Helpful Kitchen Tools
- LOW MAINTENANCE: a great alternative to the traditional bare cast iron pot for busy working individuals, our ovenproof casserole dish is coated with enamel for a sleek smooth finish, enjoy quick and easy cleaning with no need of seasoning!
Main Ingredients Needed
Make sure you print out the recipe below and save it for later!
- Cooked, shredded chicken
- Can of crushed tomatoes
- Can of red enchilada sauce
- Can of black beans (drained and rinsed)

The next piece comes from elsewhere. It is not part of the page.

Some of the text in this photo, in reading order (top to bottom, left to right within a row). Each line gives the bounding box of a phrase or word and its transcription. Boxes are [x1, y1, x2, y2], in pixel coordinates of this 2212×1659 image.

- Can of chopped green chili peppers
- Chopped onion
- Minced garlic
- Butter
- Package of frozen corn
- Chicken broth
- Cumin
- Chili powder
- Salt and pepper
Step-by-Step Ingredients
Step 1: Start by melting butter in a heavy saucepan. Add the chopped onion and cook until softened and translucent. Then, stir in the minced garlic and cook for another few minutes until fragrant.

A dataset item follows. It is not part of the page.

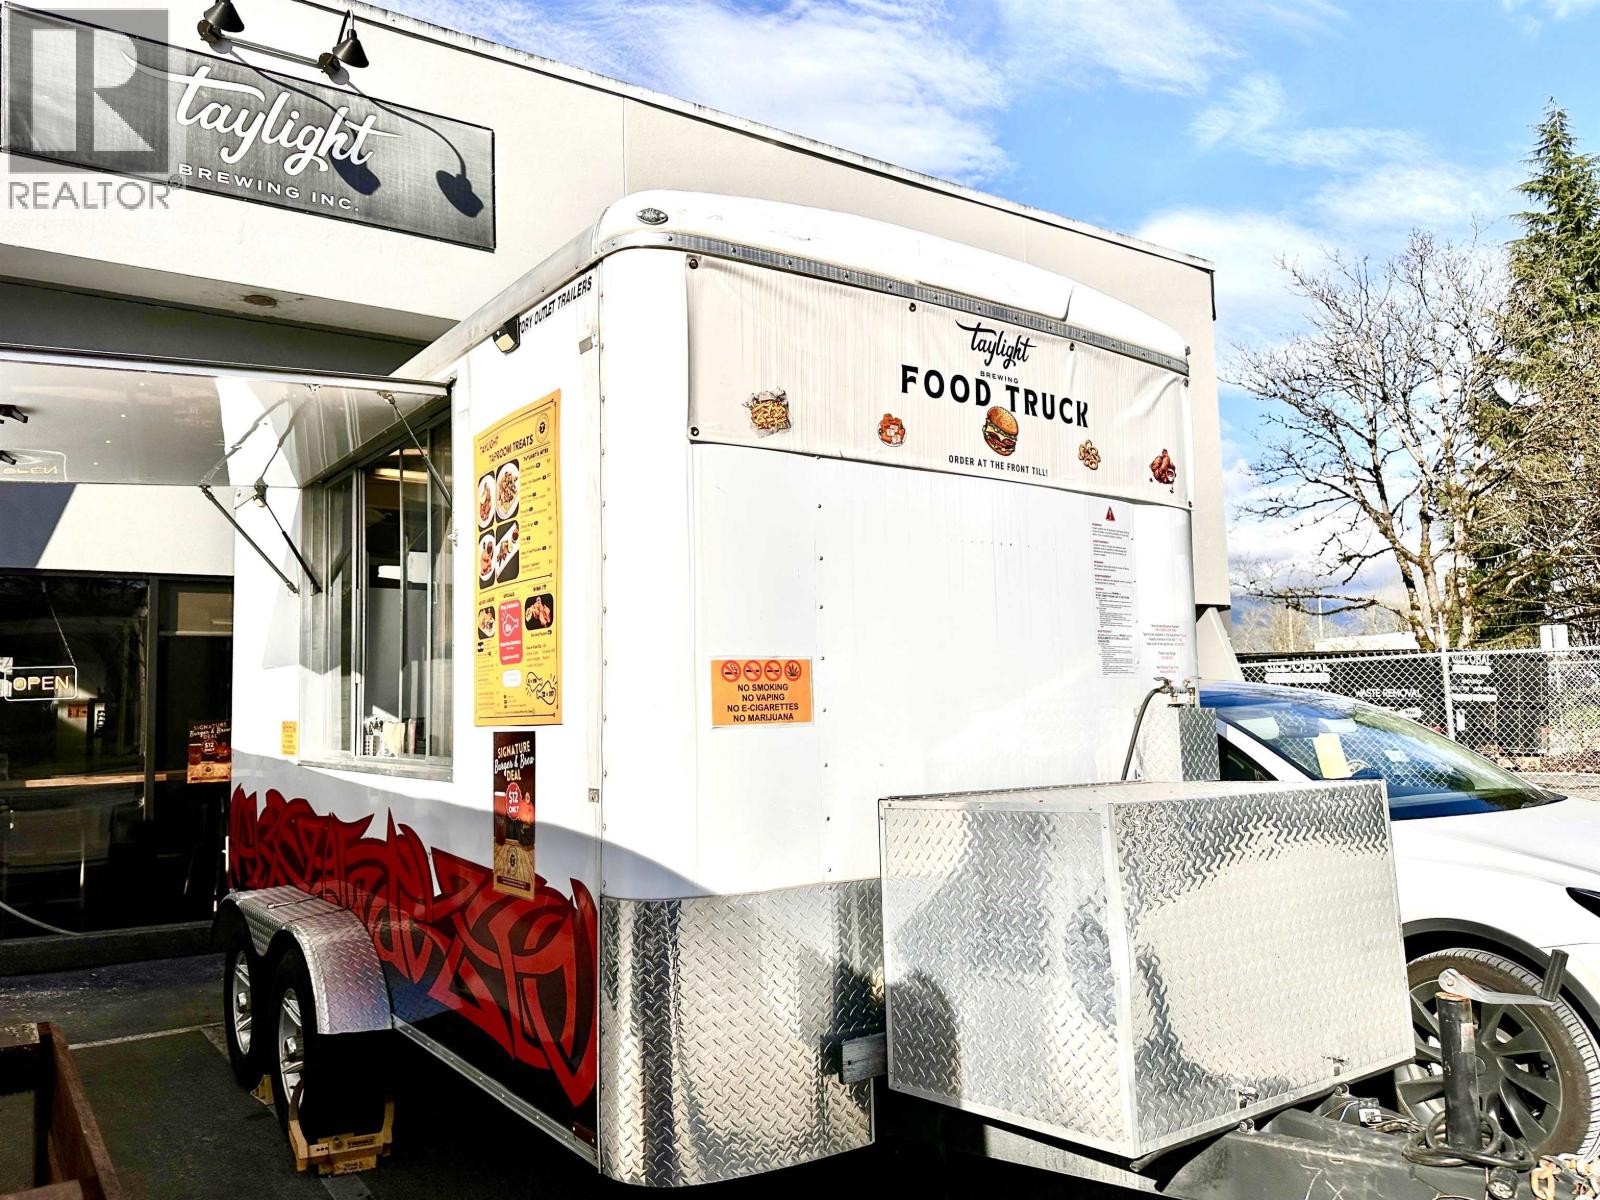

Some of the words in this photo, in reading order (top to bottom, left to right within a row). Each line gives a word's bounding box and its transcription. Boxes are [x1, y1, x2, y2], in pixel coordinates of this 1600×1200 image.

Step 2: Next, add the crushed tomatoes, enchilada sauce, chicken broth, black beans, green chili peppers, and seasonings.

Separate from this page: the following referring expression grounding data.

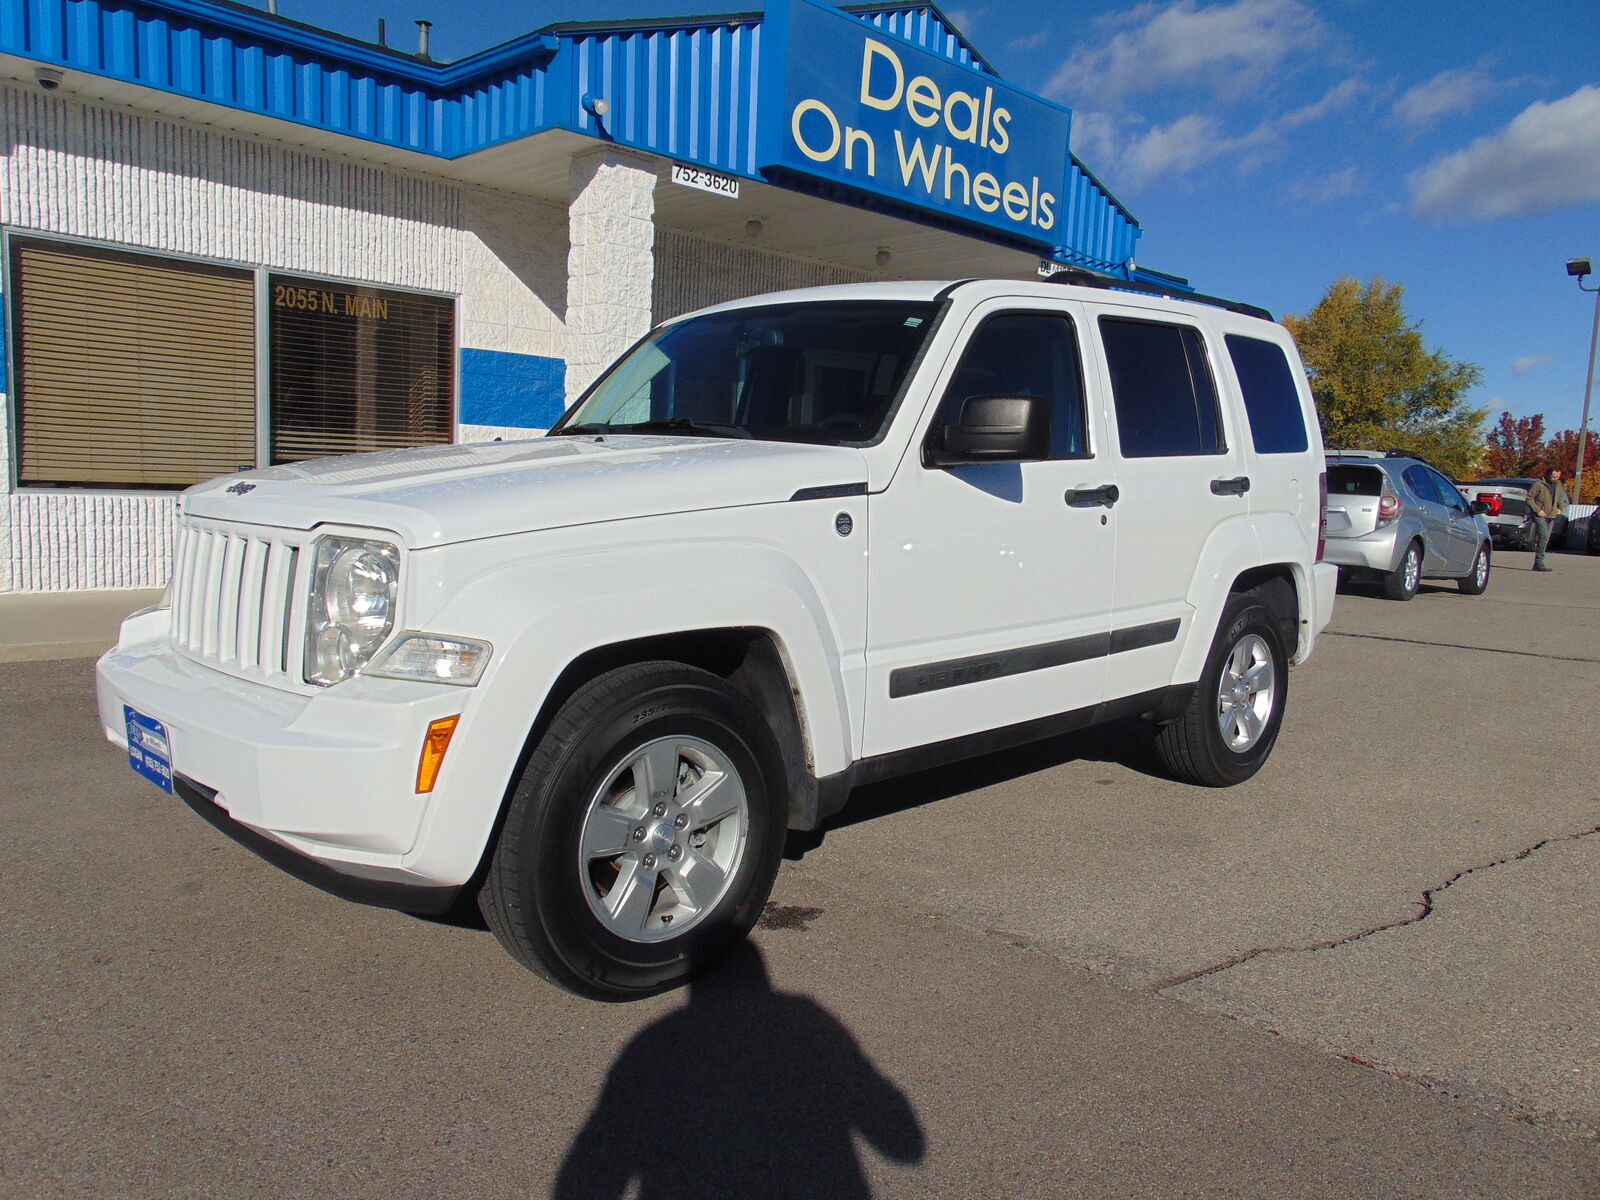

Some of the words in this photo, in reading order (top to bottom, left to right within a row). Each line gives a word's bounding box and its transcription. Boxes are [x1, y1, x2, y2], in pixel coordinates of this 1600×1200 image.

[860, 37, 1012, 154] Deals
[674, 163, 737, 194] 752-3620
[792, 98, 875, 177] On
[894, 129, 1056, 230] Wheels
[275, 285, 318, 311] 2055
[321, 291, 338, 315] N.
[345, 294, 388, 320] MAIN

Step 3: Simmer the mixture over medium heat for about 40 minutes.
Step 4: Finally, incorporate the cooked shredded chicken and frozen corn, continuing to cook for another 10 minutes.
How to Thicken Chicken Tortilla Soup
Some people like a thicker chicken tortilla soup and if that's how you enjoy it, here's an easy way to thicken the soup. This is called a "slurry" and is an easy way to thicken any soup recipe.
- Add 2 tablespoons of flour or cornstarch into a small bowl.
- Whisk in and 2 tablespoons of water.
- Next, add the slurry mixture to the pot of hot soup stirring constantly for a few minutes or until the soup thickens.
- If you find the soup is too thick, simply add a little more chicken broth.
Serving Tips
Serve your delicious soup garnished with sour cream, crushed tortilla chips, and grated cheddar cheese.
Storage Tips
Before storing, allow the soup to cool to room temperature. Putting hot soup directly in the fridge can raise the internal temperature of your refrigerator, creating a potential food safety hazard.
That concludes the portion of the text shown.